_Problem:_
Complete, exact copies of all entries are needed.

_Data provided:_

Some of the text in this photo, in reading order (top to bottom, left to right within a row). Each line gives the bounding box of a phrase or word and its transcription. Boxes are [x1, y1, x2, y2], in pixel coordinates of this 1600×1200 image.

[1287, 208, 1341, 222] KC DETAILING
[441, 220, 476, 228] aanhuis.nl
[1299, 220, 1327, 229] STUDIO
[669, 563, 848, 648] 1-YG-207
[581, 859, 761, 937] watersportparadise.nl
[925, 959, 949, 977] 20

_Exercise result:_
Some of the text in this photo, in reading order (top to bottom, left to right within a row). Each line gives the bounding box of a phrase or word and its transcription. Boxes are [x1, y1, x2, y2], in pixel coordinates of this 1600×1200 image.

[1287, 208, 1341, 222] KC DETAILING
[441, 220, 476, 228] aanhuis.nl
[1299, 220, 1327, 229] STUDIO
[669, 563, 848, 648] 1-YG-207
[581, 859, 761, 937] watersportparadise.nl
[925, 959, 949, 977] 20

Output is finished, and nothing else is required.